[SOURCE DATA — start]

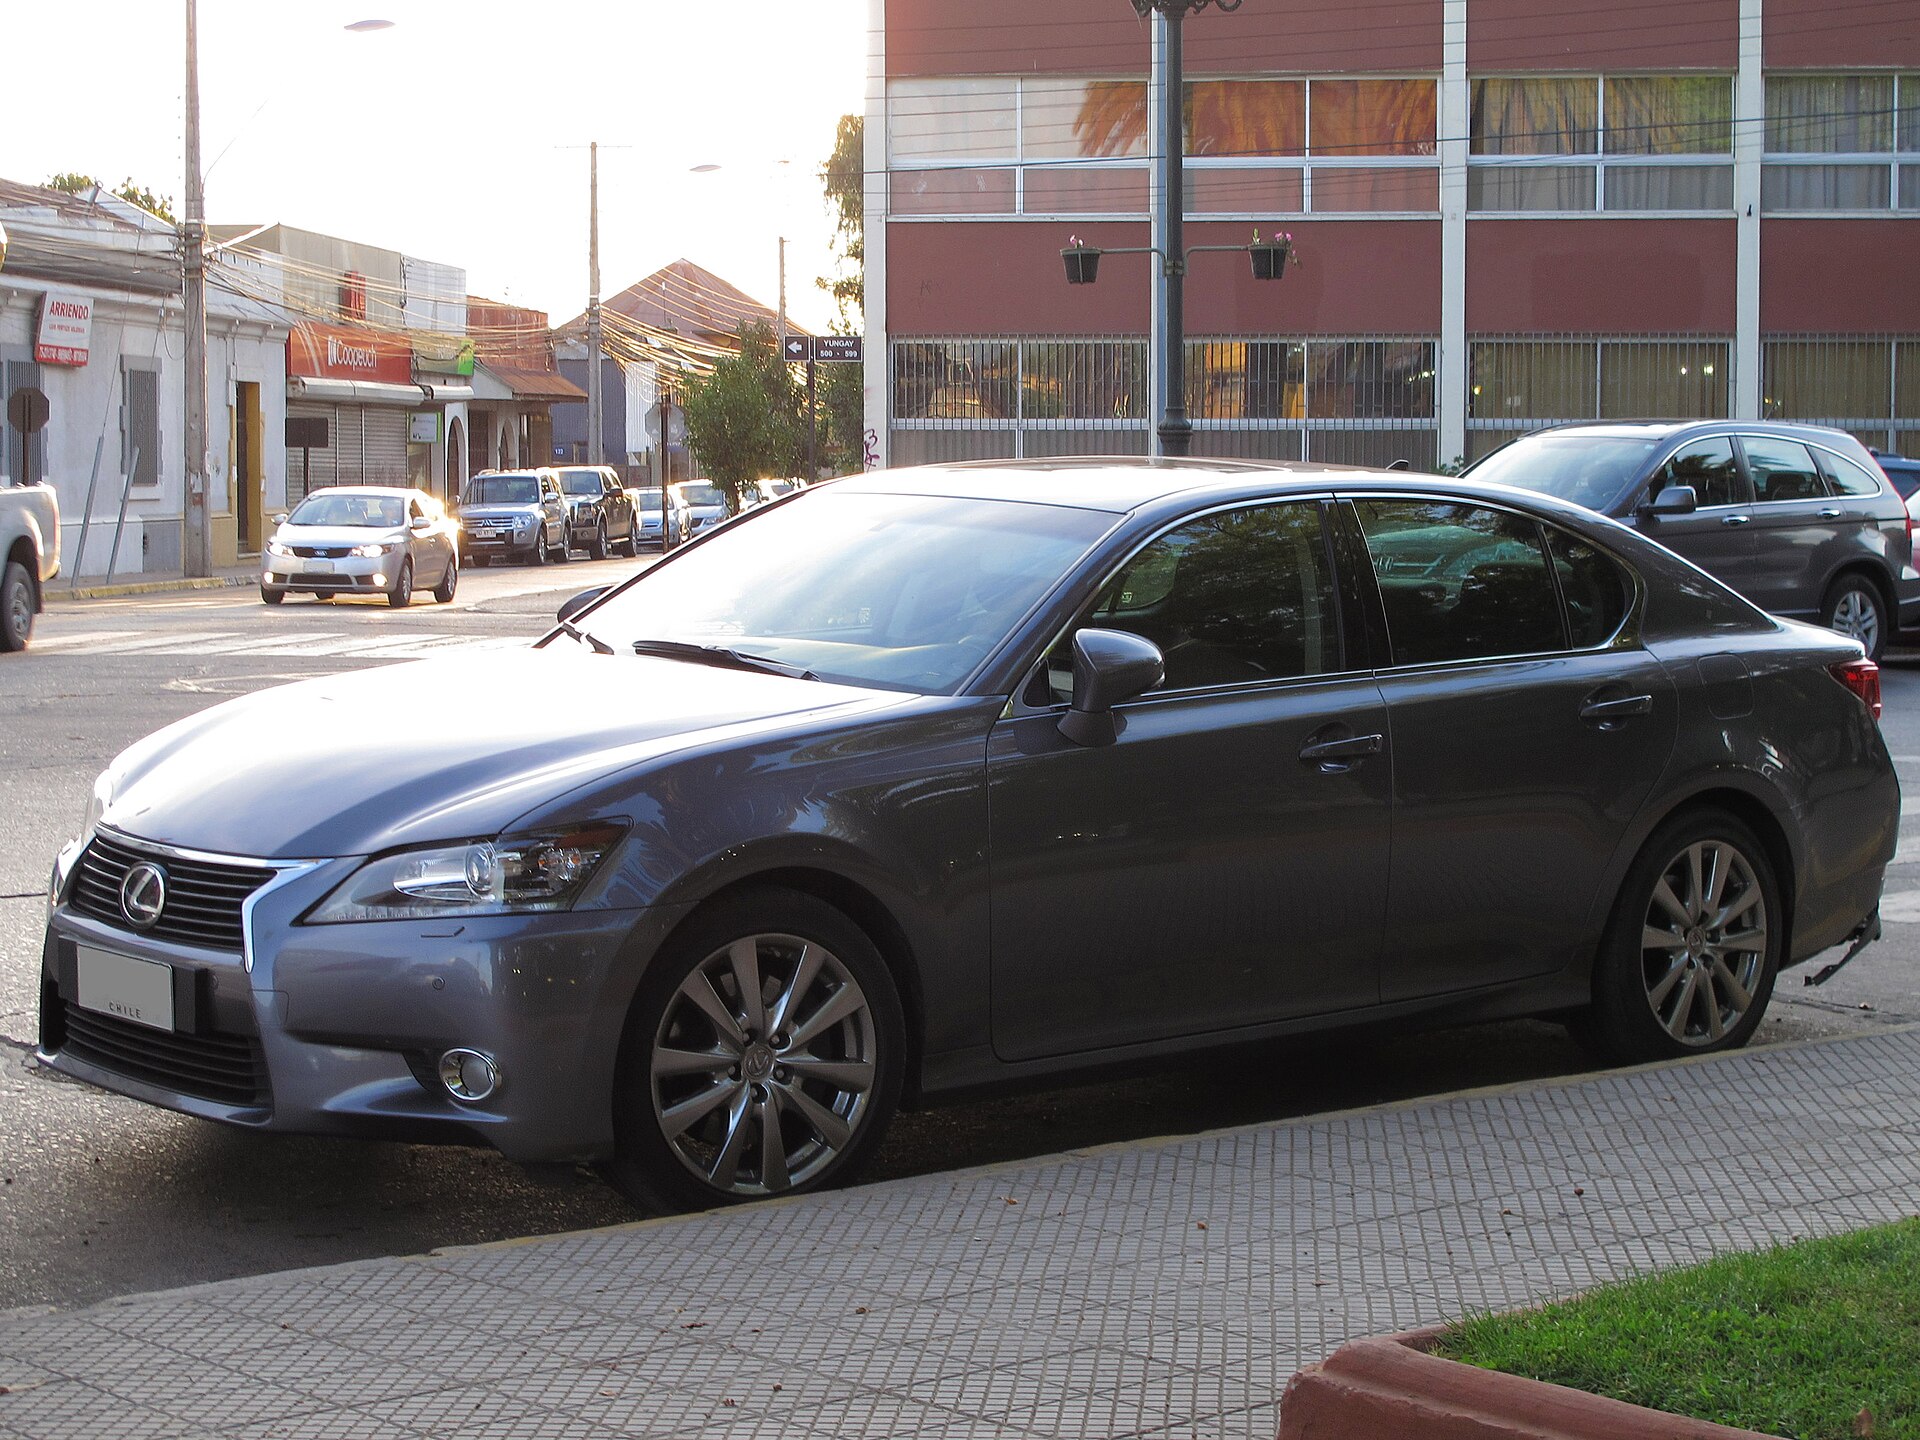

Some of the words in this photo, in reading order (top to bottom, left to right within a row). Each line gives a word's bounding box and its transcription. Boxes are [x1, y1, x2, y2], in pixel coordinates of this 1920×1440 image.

[49, 301, 89, 320] ARRIENDO
[823, 339, 854, 347] YUNGAY
[336, 338, 377, 370] Coopeuch
[109, 1001, 142, 1019] CHILE

[SOURCE DATA — finish]

- [WORK REQUEST]:
With the pictures set aside, write out the whole listing exactly.

- [EXPECTED OUTPUT]:
Some of the words in this photo, in reading order (top to bottom, left to right within a row). Each line gives a word's bounding box and its transcription. Boxes are [x1, y1, x2, y2], in pixel coordinates of this 1920×1440 image.

[49, 301, 89, 320] ARRIENDO
[823, 339, 854, 347] YUNGAY
[336, 338, 377, 370] Coopeuch
[109, 1001, 142, 1019] CHILE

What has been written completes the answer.